Luminal B includes tumors that are ER positive, PR negative, and HER2 positive. HER2 positive means that the cancer cells have an excess of a certain growth factor protein--HER2 for short. Luminal B treatment often includes chemotherapy, hormone therapy, and treatment targeted directly at HER2.
HER2 positive is negative for ER and PR hormones. According to Mayo, this strain of breast cancer is often more aggressive than other types, however prognosis is actually quite good. Treatment often includes chemotherapy and treatment targeted directly at HER2.
Triple-negative breast cancer is negative for ER, PR, and HER2. This type of breast cancer is one of the most difficult to treat, since typical treatments like hormone therapy or drugs that target the first three groups are ineffective. In this case, chemotherapy is frequently used. According to John Hopkins Medicine, triple-negative occurs in 10 to 20 percent of diagnosed breast cancers and is more likely to spread and recur than other forms of breast cancer.

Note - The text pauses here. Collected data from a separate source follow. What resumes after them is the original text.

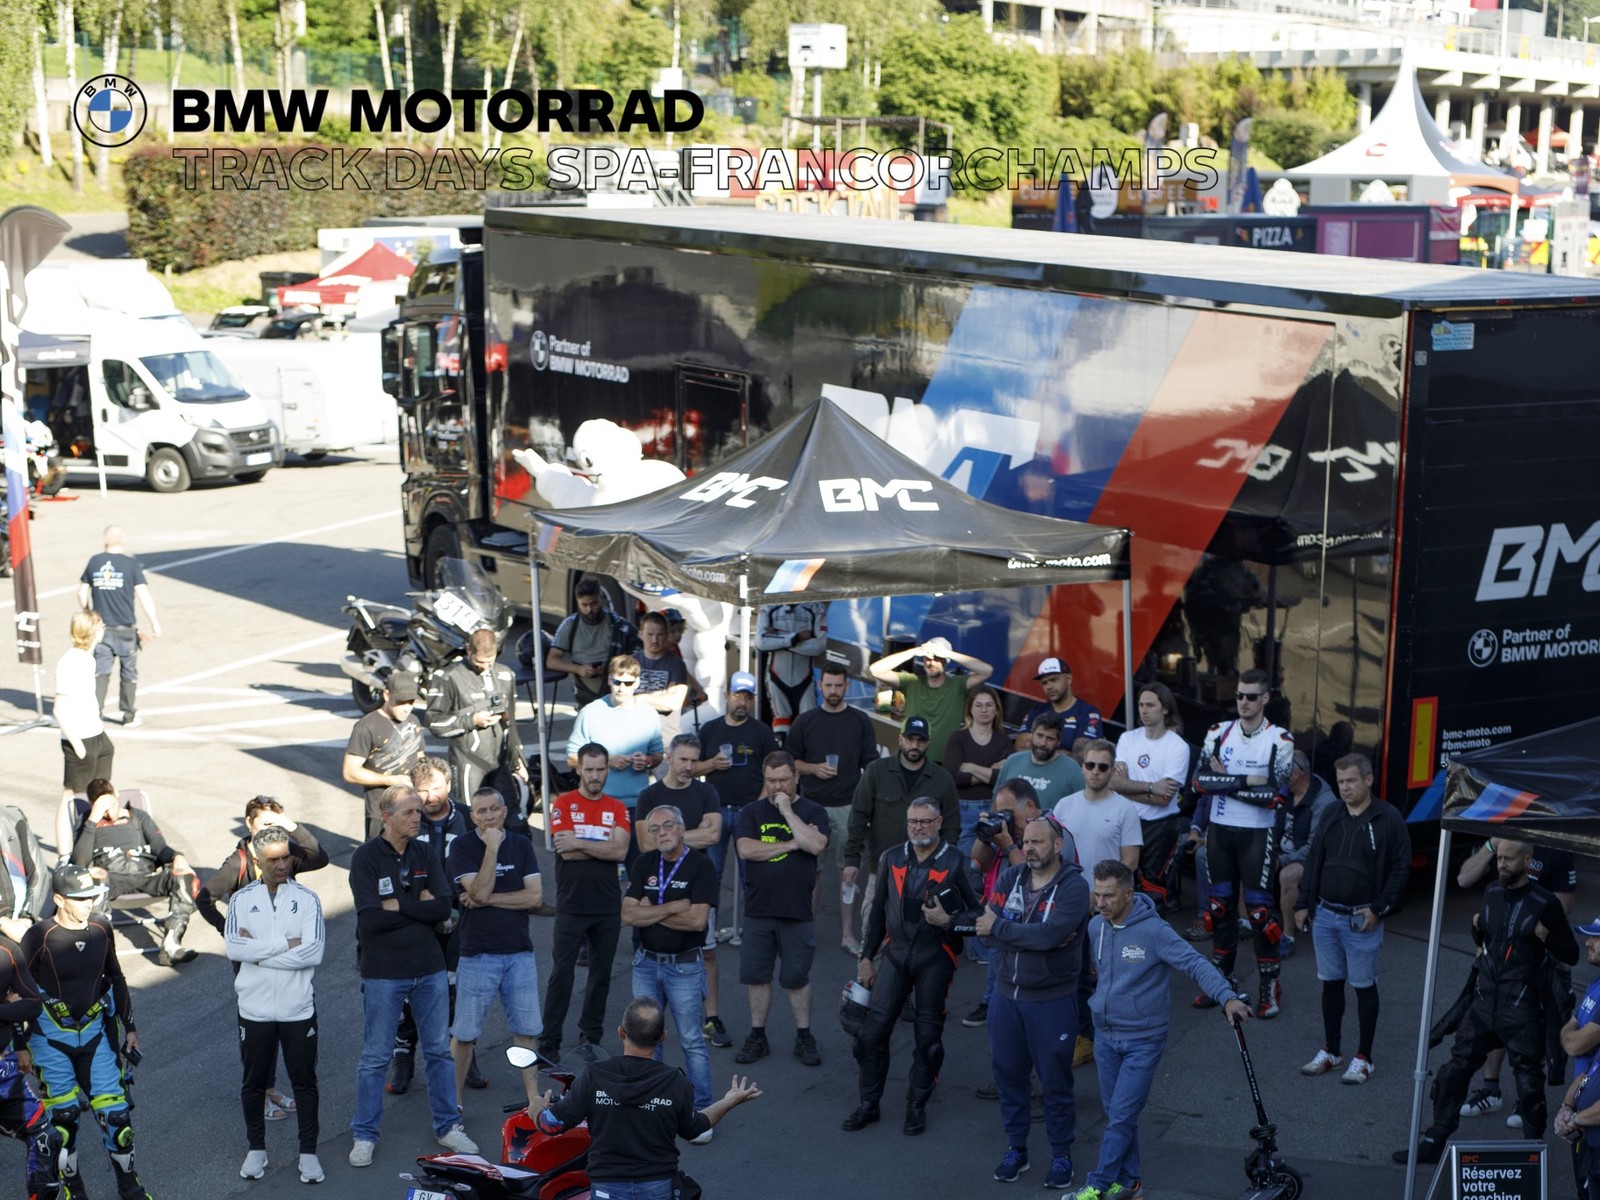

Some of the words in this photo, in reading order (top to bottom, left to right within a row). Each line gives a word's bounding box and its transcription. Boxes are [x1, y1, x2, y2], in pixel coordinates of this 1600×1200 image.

[1252, 226, 1293, 246] PIZZA
[548, 334, 580, 356] Partner
[580, 341, 591, 357] of
[549, 354, 574, 374] BMW
[574, 358, 630, 383] MOTORRAD
[679, 471, 788, 509] BMC
[818, 477, 940, 513] BMC
[1502, 628, 1553, 645] Partner
[1555, 623, 1571, 640] of
[1501, 645, 1541, 663] BMW
[1544, 638, 1600, 659] MOTOR
[1442, 725, 1512, 740] bmc-moto.com
[1442, 738, 1491, 753] #bmcmoto
[596, 1090, 609, 1098] BM
[1462, 1166, 1522, 1180] Réservez
[1462, 1180, 1496, 1193] votre

As a breast surgeon, Mary Stanley is often the first person to participate in treatment. According to her, surgery is often the first step when tumors are small and there is uncertainty about whether chemotherapy is required. Stanley stated that often, if a tumor is large, the team plans to do chemo first to shrink the tumor and then proceed with surgery.
In the case of this patient, Stanley performed a lumpectomy to remove only the mass. Another surgical option is mastectomy, which removes the whole breast including the mass. According to Stanley, the choice between a lumpectomy and mastectomy are personal to each patient, and the difference in survival is often similar, although lumpectomies can leave the door open for cancer to recur.

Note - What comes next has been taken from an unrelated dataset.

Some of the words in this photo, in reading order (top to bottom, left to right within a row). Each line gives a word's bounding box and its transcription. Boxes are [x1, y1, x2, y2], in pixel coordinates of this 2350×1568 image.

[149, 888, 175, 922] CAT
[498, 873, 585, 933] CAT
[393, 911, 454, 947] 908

Once the lumpectomy was conducted, Stanley sent the tissue to Vietje in pathology again where she measured the tumor size and scored it on a scale. This information helps oncologists in determining post-surgical treatment.
After surgery often comes chemotherapy and radiation.

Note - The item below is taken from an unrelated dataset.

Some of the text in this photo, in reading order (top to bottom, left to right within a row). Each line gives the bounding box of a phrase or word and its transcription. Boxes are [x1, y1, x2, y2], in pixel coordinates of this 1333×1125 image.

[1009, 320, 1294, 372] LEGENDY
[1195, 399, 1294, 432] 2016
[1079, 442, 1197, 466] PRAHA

Medical oncologist Hibba Rehman participates in chemotherapy and hormone treatment. “Decades ago, everyone would get chemotherapy because we didn’t know how tumors would behave,” she said. “Now we have a test to determine how tumors will behave. Certain markers tell us whether tumor cells will develop more rapidly.”
Patients with ER and PR positive breast cancer are considered low-risk and often receive hormone treatment. Patients with a higher risk type of breast cancer, like HER2 positive or triple negative, often need chemotherapy. According to Rehman, the patient had a high risk of recurrence, not only in the breast, but anywhere else in the body. “[There was] a small risk of tumor cells breaking off and going into blood circulation. That is why systemic treatment is so important, why chemo is so important,” she said.
As a radiation oncologist, Ruth Heimann also works with patients to advise whether someone is a candidate for radiation. In the case of a lumpectomy, Heimann examines the margins of the cancer and Vietje’s measurements of the tumor to decide whether radiation is necessary.
“Margins are exceedingly important because they decrease the chance of cancer returning in the breast,” she said. “Now we know that radiation can take care of the surrounding possible disease in the breast without performing a mastectomy.” If the patient is young, Heimann said that radiation often takes about six weeks, followed by chemotherapy. Older patients often have a slightly shorter radiation, about four and a half weeks.
“It’s like a job,” she said—patients receive radiation daily, five days a week. Without radiation, patients who have lumpectomies have a higher chance of recurrence. According to Heimann, with radiation treatment, there is less than a five percent chance of recurrence.
Ultimately, the patient underwent a lumpectomy, four cycles of chemotherapy, hormonal treatment, and finally radiation.